Hannah Amanda Pogue was 11 years old when her father Robert came to Ohio in 1812 and built Fort Amanda. While her daddy was away in Ohio, it was her job to look after her younger siblings including her 3 year old baby sister; Ann Eliza. The two girls grew up together on a large plantation near Mayslick, Kentucky.

Ann Eliza was 19 years old when her older sister Amanda died on New Years Day, January 1, 1827. Two years later on June 23, 1829, four days after her 21st birthday, Ann Eliza married 32 year old Rev. Samuel Young Garrison.

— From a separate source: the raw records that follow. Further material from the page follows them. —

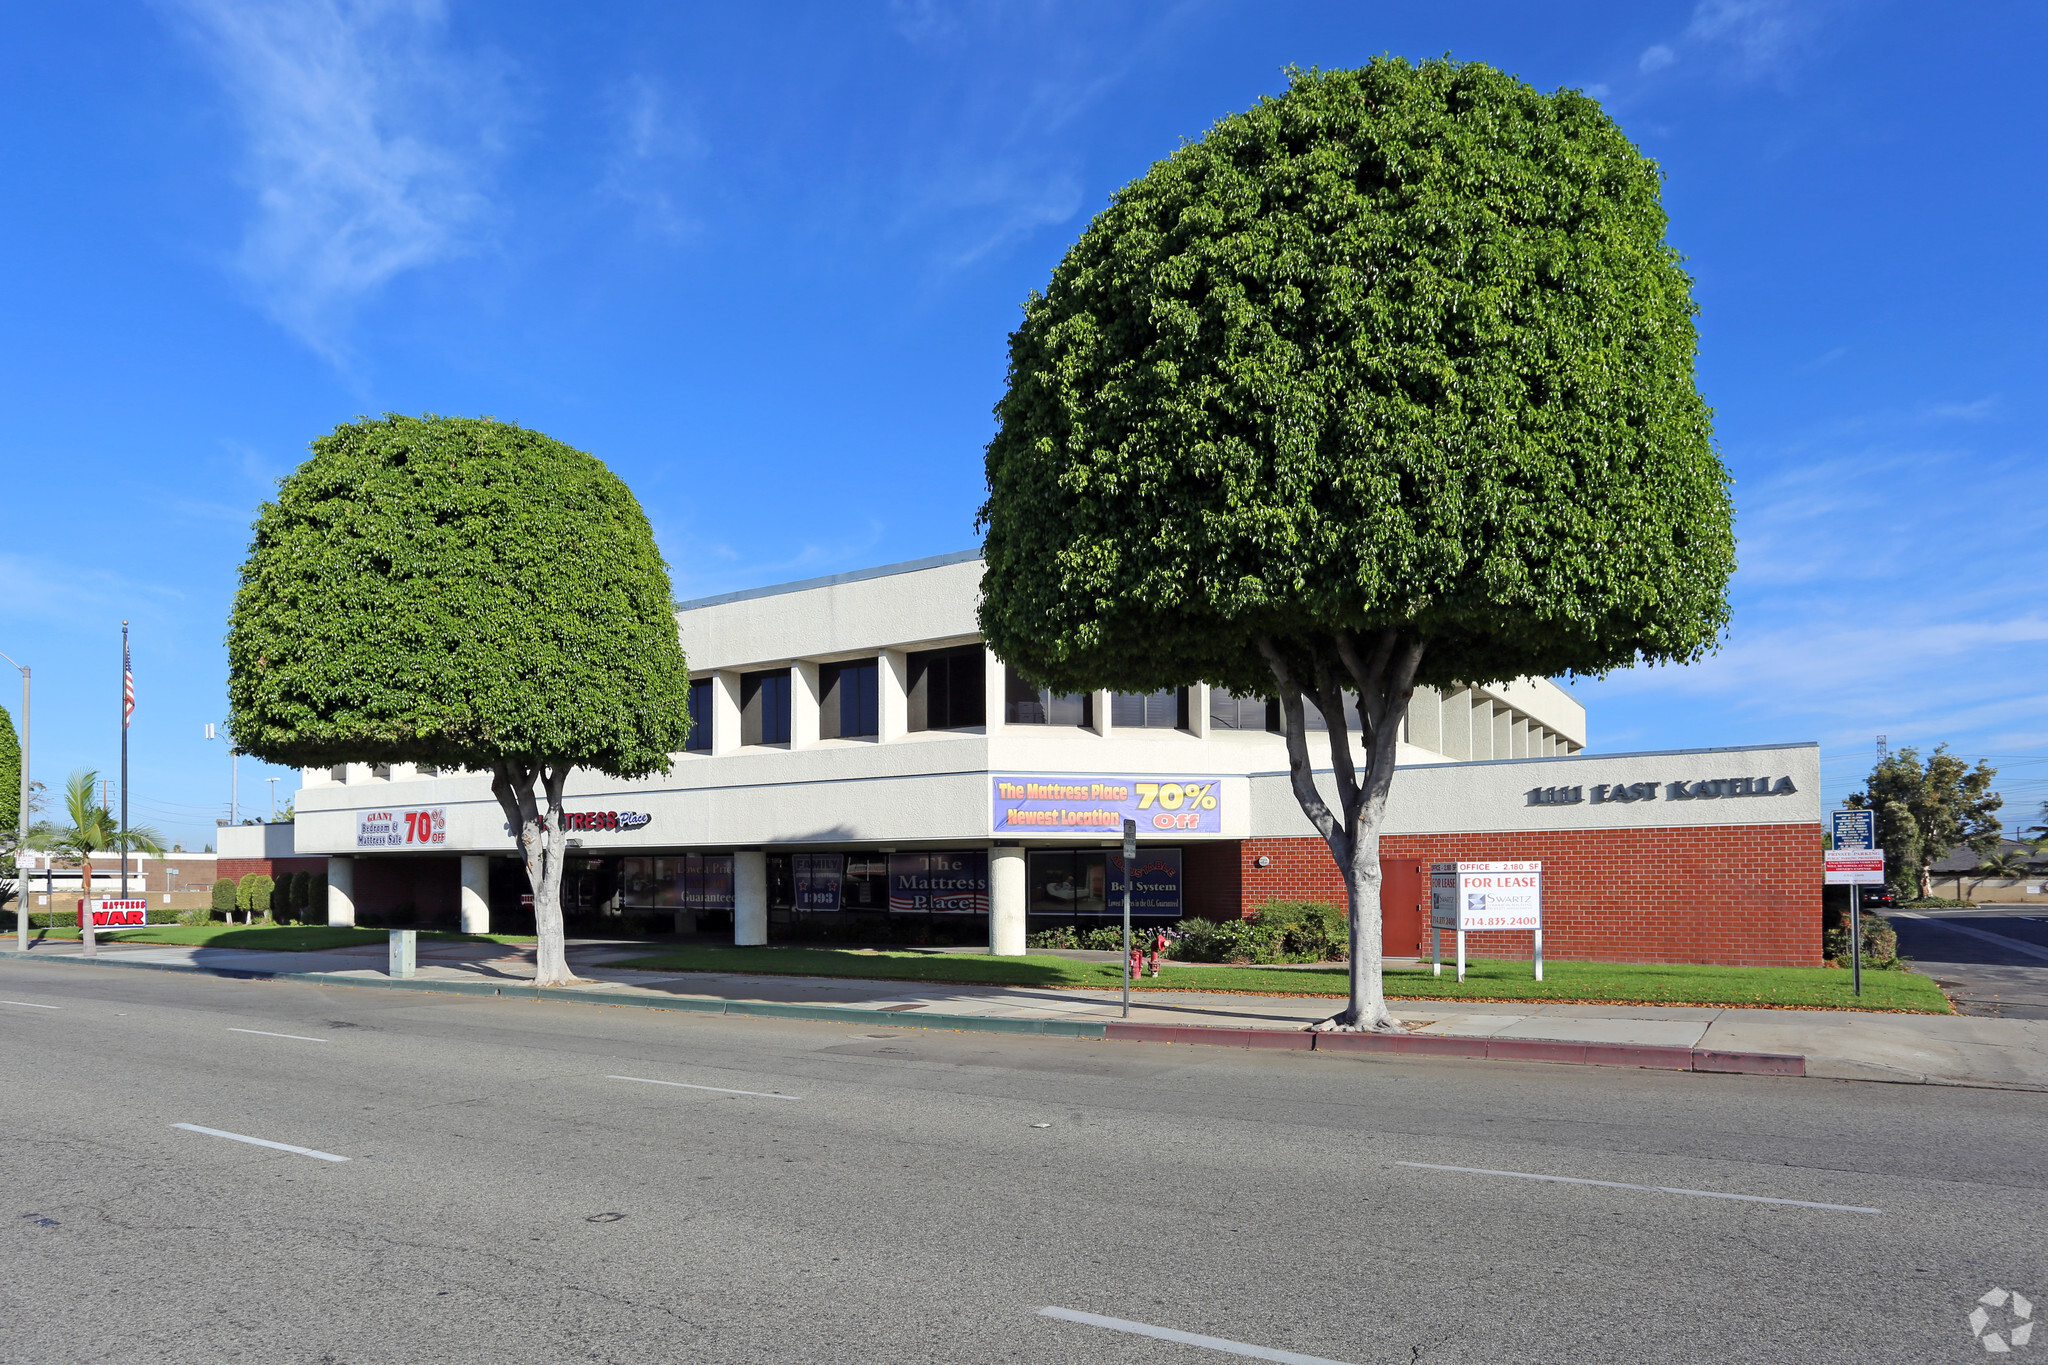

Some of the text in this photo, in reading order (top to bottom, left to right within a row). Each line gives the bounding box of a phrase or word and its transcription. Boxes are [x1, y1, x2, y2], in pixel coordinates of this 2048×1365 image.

[998, 783, 1129, 800] The Mattress Place
[1135, 783, 1217, 810] 70%
[1526, 776, 1797, 806] 1111 EAST KATELLA
[367, 812, 392, 822] GIANT
[619, 811, 649, 827] Place
[1007, 808, 1120, 826] Newest Location
[1153, 813, 1200, 830] Off
[361, 821, 399, 834] Bedroom &
[357, 833, 402, 846] Mattress Sale
[432, 832, 445, 843] OFF
[919, 856, 963, 871] The
[898, 875, 986, 890] Mattress
[1136, 881, 1176, 894] System
[1464, 877, 1537, 888] FOR LEASE
[102, 901, 146, 909] MATTRESS
[804, 892, 833, 904] 1993
[912, 895, 971, 910] Place
[91, 911, 144, 925] WAR
[1464, 917, 1537, 926] 714.835.2400
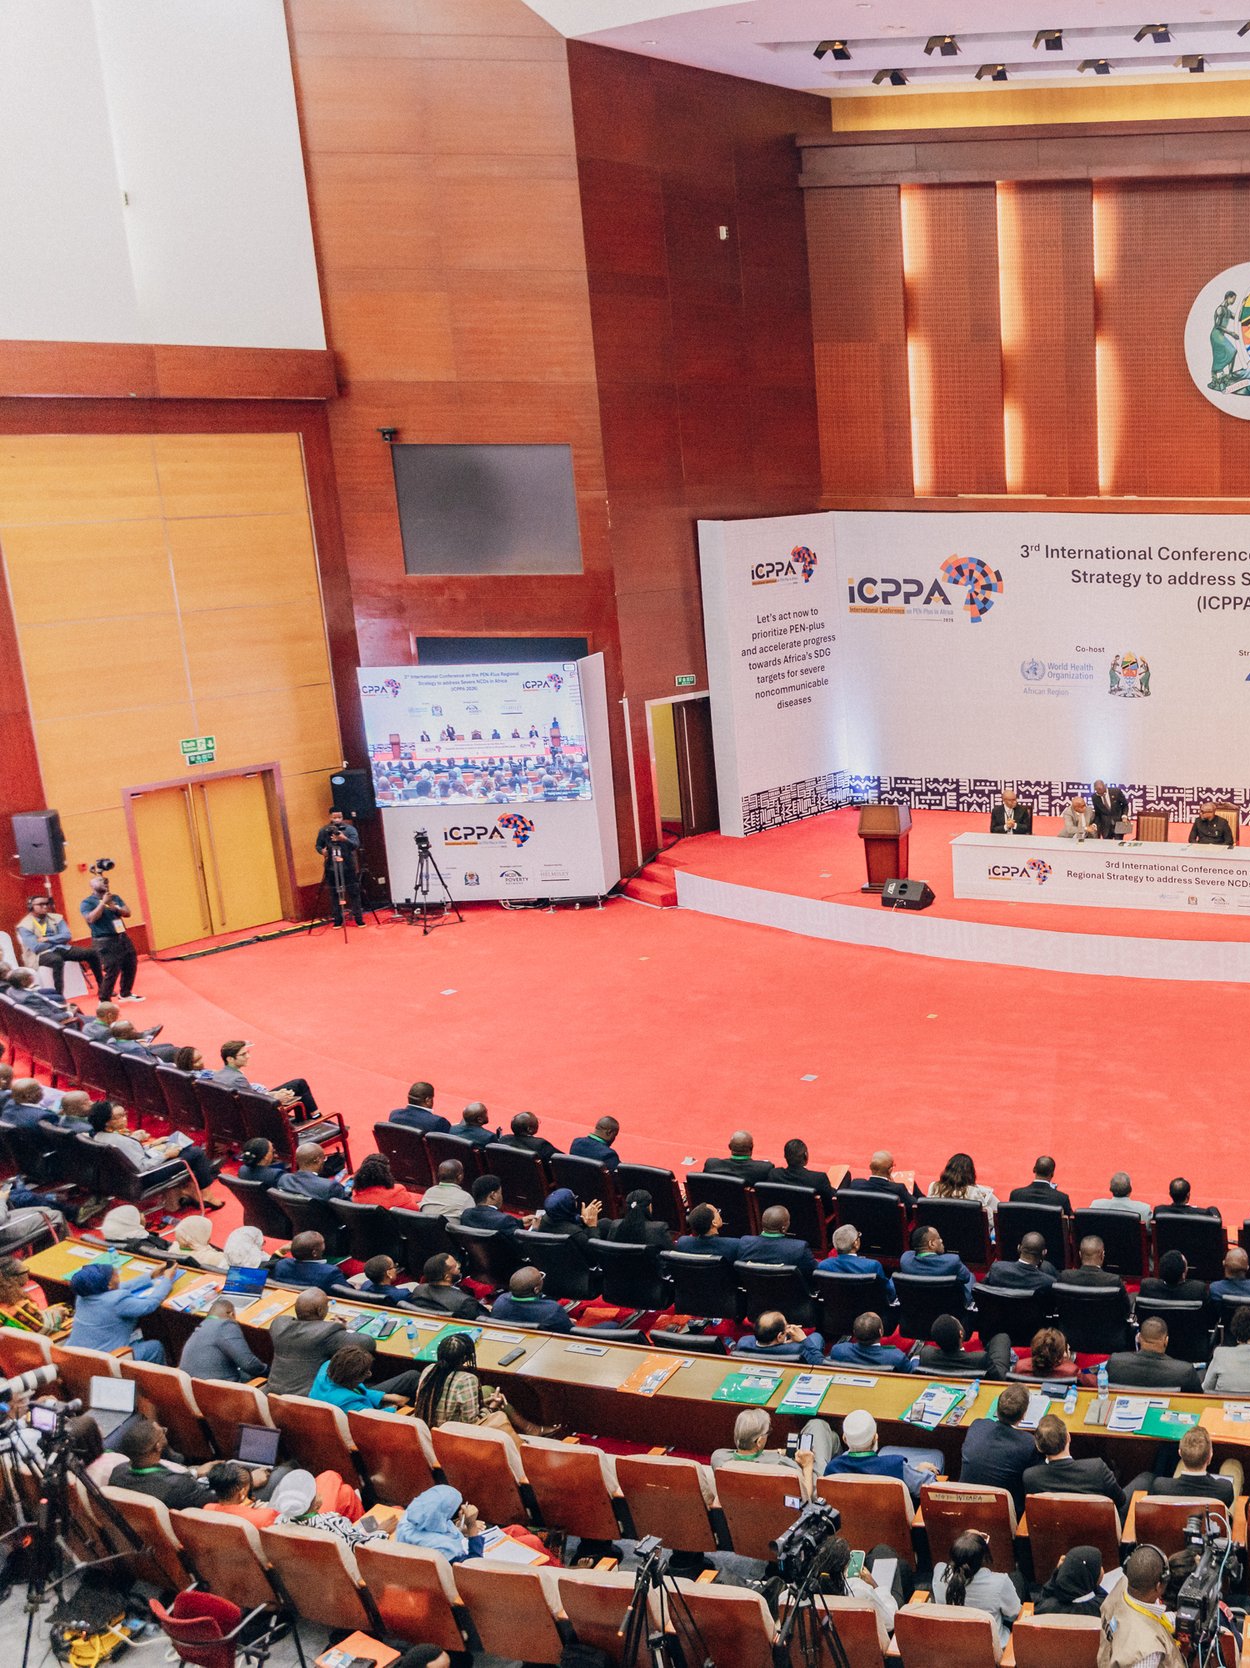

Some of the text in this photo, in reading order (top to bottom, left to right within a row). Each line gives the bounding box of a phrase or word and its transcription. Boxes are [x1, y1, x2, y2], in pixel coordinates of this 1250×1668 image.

[1020, 544, 1040, 558] 3rd
[1045, 545, 1153, 560] International
[751, 560, 797, 580] iCPPA
[1071, 569, 1141, 587] Strategy
[1145, 571, 1162, 585] to
[1167, 571, 1236, 586] address
[847, 577, 951, 606] iCPPA
[778, 612, 791, 621] act
[793, 610, 810, 618] now
[810, 608, 819, 616] to
[751, 621, 825, 642] prioritize PEN-plus
[741, 634, 836, 657] and accelerate progress
[1075, 645, 1105, 653] Co-host
[748, 657, 782, 671] towards
[814, 648, 831, 659] SDG
[1047, 663, 1094, 672] World Health
[757, 664, 826, 685] targets for severe
[1047, 672, 1094, 681] Organization
[755, 678, 829, 700] noncommunicable
[1023, 688, 1069, 697] African Region
[777, 695, 812, 710] diseases
[443, 825, 505, 841] iCPPA
[988, 865, 1030, 878] iCPPA
[1105, 860, 1120, 869] 3rd
[1122, 861, 1179, 872] International
[1181, 864, 1234, 875] Conference
[1236, 868, 1248, 876] on
[1067, 870, 1105, 881] Regional
[1106, 872, 1144, 884] Strategy
[1146, 875, 1154, 883] to
[1157, 875, 1193, 885] address
[1195, 877, 1226, 888] Severe
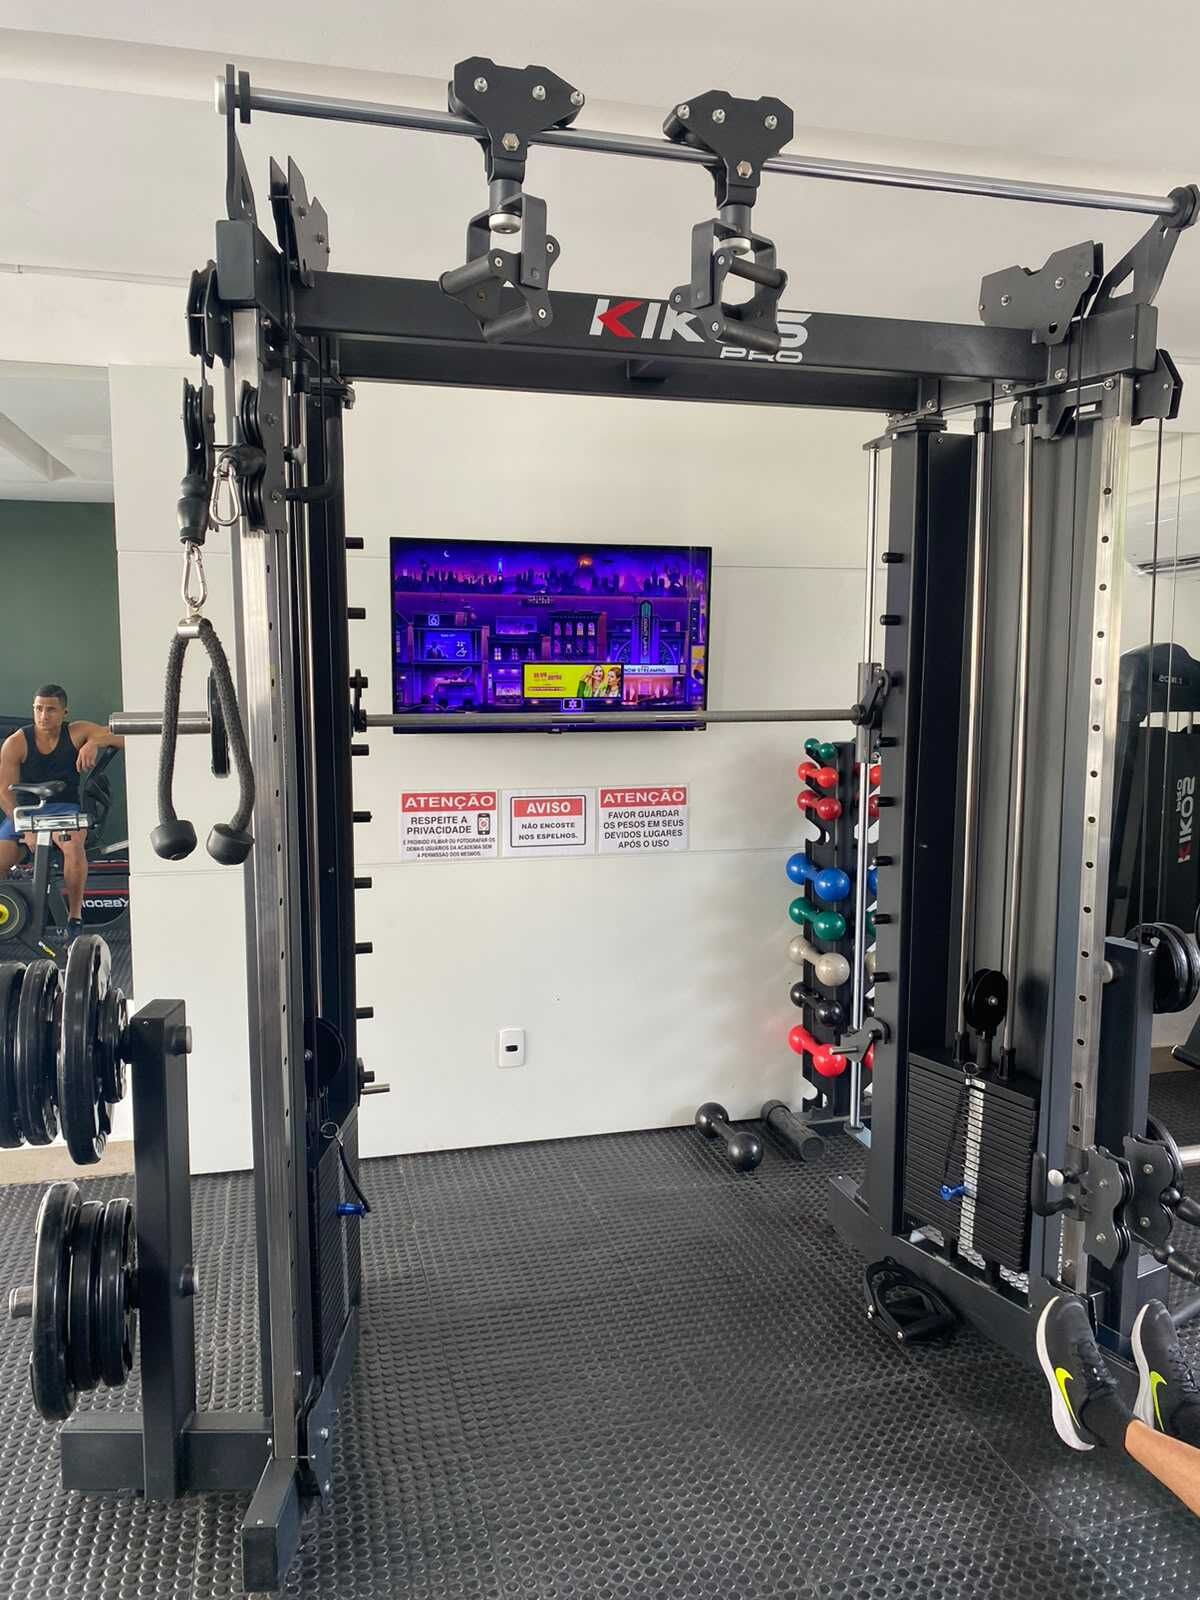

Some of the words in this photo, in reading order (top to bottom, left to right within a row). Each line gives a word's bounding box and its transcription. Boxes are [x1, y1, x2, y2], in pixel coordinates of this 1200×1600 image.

[589, 298, 812, 349] KIKS
[719, 346, 804, 363] PRO
[405, 794, 494, 809] ATENÇÃO
[603, 789, 684, 804] ATENÇÃO
[526, 802, 571, 814] AVISO
[638, 810, 679, 818] GUARDAR
[411, 816, 458, 824] RESPEITE
[407, 826, 472, 834] PRIVACIDADE
[618, 840, 641, 848] APÓS

Garrison an ordained minister was born in Mallard Creek, Mecklenburg, County, North Carolina in 1797, son of Samuel and Esther Garrison. Ann Eliza and Samuel lived their lives in Bowling Green, Kentucky where they had 4 children,

1. Robert Alexander Garrison b. 1830 named after her father (Robert) and her maternal grandmothers maiden name, (Alexander) and

2. Samuel Hopkins b. 1834 (named after his father (Samuel) and his maternal grandmothers maiden name (Hopkins).

3. John C. b. 1837

4. Gideon B. b.1838

On Wednesday, October 10, 1838, thirty year old Ann Eliza died. Indications are that she may have either died during or as a result of childbirth as her youngest son Gideon was born that same year.
Her sons went on to serve the south during the civil war and one became a high school principal.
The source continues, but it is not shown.